[[ Records for the task open ]]

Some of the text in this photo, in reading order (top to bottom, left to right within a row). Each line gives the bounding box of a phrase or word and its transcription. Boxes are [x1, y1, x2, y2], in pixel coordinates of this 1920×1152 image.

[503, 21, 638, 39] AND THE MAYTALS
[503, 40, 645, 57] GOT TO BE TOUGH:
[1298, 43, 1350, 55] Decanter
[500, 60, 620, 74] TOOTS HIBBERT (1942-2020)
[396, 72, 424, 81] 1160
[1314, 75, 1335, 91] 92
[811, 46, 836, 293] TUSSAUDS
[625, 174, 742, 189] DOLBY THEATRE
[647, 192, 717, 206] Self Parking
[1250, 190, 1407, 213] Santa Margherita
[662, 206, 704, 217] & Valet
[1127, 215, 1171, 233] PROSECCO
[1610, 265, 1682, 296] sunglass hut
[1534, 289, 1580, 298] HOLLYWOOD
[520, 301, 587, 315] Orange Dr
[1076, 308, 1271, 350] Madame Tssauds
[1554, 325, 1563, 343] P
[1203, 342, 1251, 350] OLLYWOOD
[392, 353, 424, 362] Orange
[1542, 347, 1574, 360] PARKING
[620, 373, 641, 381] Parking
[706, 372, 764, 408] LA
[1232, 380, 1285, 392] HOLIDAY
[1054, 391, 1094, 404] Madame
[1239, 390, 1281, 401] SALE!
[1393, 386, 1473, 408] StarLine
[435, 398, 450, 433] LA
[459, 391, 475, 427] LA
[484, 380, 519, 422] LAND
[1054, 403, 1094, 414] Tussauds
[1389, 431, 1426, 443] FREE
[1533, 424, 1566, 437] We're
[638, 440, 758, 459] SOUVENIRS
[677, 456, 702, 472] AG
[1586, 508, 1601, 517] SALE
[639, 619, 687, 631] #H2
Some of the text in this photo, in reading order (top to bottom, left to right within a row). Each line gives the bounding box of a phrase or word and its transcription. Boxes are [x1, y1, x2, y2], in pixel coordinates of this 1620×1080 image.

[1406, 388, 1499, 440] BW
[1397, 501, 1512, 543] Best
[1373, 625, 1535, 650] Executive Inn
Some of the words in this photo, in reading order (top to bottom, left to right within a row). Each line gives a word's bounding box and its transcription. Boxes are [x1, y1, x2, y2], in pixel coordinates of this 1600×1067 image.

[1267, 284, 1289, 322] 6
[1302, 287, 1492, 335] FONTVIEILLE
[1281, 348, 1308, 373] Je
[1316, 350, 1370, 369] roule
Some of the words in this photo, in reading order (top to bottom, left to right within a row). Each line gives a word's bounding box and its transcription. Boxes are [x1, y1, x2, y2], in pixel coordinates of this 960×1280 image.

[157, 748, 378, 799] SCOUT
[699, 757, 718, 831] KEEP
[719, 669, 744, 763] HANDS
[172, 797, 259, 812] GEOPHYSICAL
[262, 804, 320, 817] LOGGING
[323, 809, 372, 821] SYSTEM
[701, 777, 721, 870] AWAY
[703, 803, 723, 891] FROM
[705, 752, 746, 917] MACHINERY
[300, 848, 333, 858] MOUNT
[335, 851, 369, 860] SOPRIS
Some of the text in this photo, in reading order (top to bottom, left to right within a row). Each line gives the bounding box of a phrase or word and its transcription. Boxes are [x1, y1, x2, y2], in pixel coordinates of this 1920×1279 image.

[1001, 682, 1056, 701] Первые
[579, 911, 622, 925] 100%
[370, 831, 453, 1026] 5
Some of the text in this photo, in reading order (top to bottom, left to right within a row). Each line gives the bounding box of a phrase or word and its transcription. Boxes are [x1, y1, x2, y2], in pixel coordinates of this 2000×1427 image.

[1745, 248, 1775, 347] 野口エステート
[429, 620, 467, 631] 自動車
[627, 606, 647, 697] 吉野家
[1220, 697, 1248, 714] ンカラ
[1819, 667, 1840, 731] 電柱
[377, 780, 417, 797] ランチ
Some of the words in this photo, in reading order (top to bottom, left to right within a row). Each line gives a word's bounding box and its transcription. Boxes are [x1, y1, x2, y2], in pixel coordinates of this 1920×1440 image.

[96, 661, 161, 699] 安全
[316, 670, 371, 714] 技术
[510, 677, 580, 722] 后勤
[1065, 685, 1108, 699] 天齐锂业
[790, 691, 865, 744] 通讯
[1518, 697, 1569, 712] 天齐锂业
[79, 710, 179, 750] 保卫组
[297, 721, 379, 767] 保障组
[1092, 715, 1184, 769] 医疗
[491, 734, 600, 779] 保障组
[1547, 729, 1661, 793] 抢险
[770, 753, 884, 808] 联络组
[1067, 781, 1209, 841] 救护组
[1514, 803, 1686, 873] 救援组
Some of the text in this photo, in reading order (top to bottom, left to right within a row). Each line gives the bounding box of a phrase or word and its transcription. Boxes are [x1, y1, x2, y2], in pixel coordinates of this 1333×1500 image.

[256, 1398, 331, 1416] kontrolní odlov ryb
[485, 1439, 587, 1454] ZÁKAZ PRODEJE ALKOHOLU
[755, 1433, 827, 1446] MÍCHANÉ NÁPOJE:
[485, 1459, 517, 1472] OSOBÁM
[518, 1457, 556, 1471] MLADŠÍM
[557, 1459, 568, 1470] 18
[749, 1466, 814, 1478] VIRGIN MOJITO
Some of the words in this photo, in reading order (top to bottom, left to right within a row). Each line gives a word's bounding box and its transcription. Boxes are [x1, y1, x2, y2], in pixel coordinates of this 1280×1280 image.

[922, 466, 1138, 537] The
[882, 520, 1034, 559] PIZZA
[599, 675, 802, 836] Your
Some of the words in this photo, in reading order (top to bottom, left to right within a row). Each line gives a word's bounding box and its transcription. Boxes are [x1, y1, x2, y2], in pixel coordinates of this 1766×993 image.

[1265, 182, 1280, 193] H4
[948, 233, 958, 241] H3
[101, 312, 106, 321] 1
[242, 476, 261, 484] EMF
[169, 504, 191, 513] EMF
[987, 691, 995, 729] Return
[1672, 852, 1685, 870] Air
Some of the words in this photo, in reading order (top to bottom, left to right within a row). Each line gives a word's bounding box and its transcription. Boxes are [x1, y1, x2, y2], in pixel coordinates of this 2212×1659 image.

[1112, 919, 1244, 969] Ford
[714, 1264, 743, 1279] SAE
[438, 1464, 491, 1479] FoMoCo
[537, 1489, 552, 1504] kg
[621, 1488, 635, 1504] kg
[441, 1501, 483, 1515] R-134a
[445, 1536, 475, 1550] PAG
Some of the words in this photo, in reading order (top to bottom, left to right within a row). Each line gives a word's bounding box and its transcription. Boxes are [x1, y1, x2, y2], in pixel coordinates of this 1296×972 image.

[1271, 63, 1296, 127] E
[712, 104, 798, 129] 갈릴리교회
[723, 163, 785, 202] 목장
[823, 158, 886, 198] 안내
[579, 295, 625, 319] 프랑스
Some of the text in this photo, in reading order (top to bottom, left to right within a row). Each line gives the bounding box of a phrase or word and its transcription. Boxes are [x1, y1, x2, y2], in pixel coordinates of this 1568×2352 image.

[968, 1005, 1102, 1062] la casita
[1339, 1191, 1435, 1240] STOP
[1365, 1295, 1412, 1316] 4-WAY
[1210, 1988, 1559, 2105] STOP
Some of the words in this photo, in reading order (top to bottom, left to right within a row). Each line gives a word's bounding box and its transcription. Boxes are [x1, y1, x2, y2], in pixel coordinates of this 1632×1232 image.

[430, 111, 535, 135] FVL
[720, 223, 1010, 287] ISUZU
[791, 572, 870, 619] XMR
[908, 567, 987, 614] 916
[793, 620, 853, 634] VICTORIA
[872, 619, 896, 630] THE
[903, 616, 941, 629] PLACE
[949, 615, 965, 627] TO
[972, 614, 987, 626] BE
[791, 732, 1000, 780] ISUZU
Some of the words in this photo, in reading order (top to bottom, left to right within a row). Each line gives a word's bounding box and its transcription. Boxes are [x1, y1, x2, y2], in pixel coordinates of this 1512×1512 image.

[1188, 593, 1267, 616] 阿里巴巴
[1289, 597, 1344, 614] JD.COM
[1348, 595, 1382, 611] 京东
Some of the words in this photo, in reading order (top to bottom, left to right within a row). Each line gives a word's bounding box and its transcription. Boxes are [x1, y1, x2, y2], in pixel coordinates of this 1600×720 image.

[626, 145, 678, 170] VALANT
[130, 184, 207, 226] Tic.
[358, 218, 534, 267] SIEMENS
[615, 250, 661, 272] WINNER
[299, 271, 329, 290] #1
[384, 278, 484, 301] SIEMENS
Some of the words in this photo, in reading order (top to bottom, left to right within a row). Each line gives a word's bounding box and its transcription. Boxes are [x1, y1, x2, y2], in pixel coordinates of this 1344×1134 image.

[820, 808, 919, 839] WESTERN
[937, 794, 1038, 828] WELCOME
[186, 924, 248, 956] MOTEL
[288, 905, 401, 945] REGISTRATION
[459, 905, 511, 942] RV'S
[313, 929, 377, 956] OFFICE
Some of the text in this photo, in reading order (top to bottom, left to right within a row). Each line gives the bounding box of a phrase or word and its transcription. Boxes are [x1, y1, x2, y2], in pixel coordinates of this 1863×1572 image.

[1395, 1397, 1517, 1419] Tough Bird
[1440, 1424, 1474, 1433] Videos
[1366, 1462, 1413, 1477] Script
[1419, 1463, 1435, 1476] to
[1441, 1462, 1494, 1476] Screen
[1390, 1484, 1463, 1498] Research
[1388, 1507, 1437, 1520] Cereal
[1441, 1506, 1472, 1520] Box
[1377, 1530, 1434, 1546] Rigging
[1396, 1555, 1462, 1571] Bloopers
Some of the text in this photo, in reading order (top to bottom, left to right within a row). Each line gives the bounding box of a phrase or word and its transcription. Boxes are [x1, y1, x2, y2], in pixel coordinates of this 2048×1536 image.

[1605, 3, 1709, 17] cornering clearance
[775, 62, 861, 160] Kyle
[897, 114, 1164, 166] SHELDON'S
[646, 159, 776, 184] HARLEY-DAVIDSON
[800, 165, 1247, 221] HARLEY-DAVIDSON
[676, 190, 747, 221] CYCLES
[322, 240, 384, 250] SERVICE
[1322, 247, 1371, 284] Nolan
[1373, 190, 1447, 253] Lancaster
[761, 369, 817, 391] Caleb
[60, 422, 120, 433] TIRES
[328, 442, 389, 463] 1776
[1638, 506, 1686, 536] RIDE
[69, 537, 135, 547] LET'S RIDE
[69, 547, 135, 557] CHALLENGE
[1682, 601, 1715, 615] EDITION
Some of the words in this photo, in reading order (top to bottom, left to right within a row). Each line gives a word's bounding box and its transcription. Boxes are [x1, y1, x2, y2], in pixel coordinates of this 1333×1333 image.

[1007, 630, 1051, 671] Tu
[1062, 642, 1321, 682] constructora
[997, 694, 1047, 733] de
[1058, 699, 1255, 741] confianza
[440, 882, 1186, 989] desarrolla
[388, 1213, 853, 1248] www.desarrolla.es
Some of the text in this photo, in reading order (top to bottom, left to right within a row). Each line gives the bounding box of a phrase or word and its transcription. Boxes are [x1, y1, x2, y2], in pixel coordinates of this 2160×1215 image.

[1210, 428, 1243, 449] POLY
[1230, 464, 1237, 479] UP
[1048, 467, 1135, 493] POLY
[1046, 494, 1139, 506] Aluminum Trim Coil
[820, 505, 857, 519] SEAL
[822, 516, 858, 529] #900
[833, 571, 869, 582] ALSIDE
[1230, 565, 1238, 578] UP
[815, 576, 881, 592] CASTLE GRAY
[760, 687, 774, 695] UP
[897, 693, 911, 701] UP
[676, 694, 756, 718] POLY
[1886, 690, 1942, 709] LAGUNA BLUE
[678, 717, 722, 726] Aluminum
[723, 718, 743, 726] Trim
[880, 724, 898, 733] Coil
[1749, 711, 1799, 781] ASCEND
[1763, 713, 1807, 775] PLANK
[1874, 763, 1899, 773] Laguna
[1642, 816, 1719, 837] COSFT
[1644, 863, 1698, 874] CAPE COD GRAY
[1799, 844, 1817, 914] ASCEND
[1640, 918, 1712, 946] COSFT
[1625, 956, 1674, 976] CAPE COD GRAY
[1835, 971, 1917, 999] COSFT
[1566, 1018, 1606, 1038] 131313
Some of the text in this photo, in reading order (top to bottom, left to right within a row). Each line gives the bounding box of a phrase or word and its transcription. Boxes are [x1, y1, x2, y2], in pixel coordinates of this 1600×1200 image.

[[ Records for the task closed ]]

**Assignment**
Using the entries above, give again each line from the one containing "this 1333×1333 image." through the last line, exactly and only those.

**Expected answer**
Some of the words in this photo, in reading order (top to bottom, left to right within a row). Each line gives a word's bounding box and its transcription. Boxes are [x1, y1, x2, y2], in pixel coordinates of this 1333×1333 image.

[1007, 630, 1051, 671] Tu
[1062, 642, 1321, 682] constructora
[997, 694, 1047, 733] de
[1058, 699, 1255, 741] confianza
[440, 882, 1186, 989] desarrolla
[388, 1213, 853, 1248] www.desarrolla.es
Some of the text in this photo, in reading order (top to bottom, left to right within a row). Each line gives the bounding box of a phrase or word and its transcription. Boxes are [x1, y1, x2, y2], in pixel coordinates of this 2160×1215 image.

[1210, 428, 1243, 449] POLY
[1230, 464, 1237, 479] UP
[1048, 467, 1135, 493] POLY
[1046, 494, 1139, 506] Aluminum Trim Coil
[820, 505, 857, 519] SEAL
[822, 516, 858, 529] #900
[833, 571, 869, 582] ALSIDE
[1230, 565, 1238, 578] UP
[815, 576, 881, 592] CASTLE GRAY
[760, 687, 774, 695] UP
[897, 693, 911, 701] UP
[676, 694, 756, 718] POLY
[1886, 690, 1942, 709] LAGUNA BLUE
[678, 717, 722, 726] Aluminum
[723, 718, 743, 726] Trim
[880, 724, 898, 733] Coil
[1749, 711, 1799, 781] ASCEND
[1763, 713, 1807, 775] PLANK
[1874, 763, 1899, 773] Laguna
[1642, 816, 1719, 837] COSFT
[1644, 863, 1698, 874] CAPE COD GRAY
[1799, 844, 1817, 914] ASCEND
[1640, 918, 1712, 946] COSFT
[1625, 956, 1674, 976] CAPE COD GRAY
[1835, 971, 1917, 999] COSFT
[1566, 1018, 1606, 1038] 131313
Some of the text in this photo, in reading order (top to bottom, left to right within a row). Each line gives the bounding box of a phrase or word and its transcription. Boxes are [x1, y1, x2, y2], in pixel coordinates of this 1600×1200 image.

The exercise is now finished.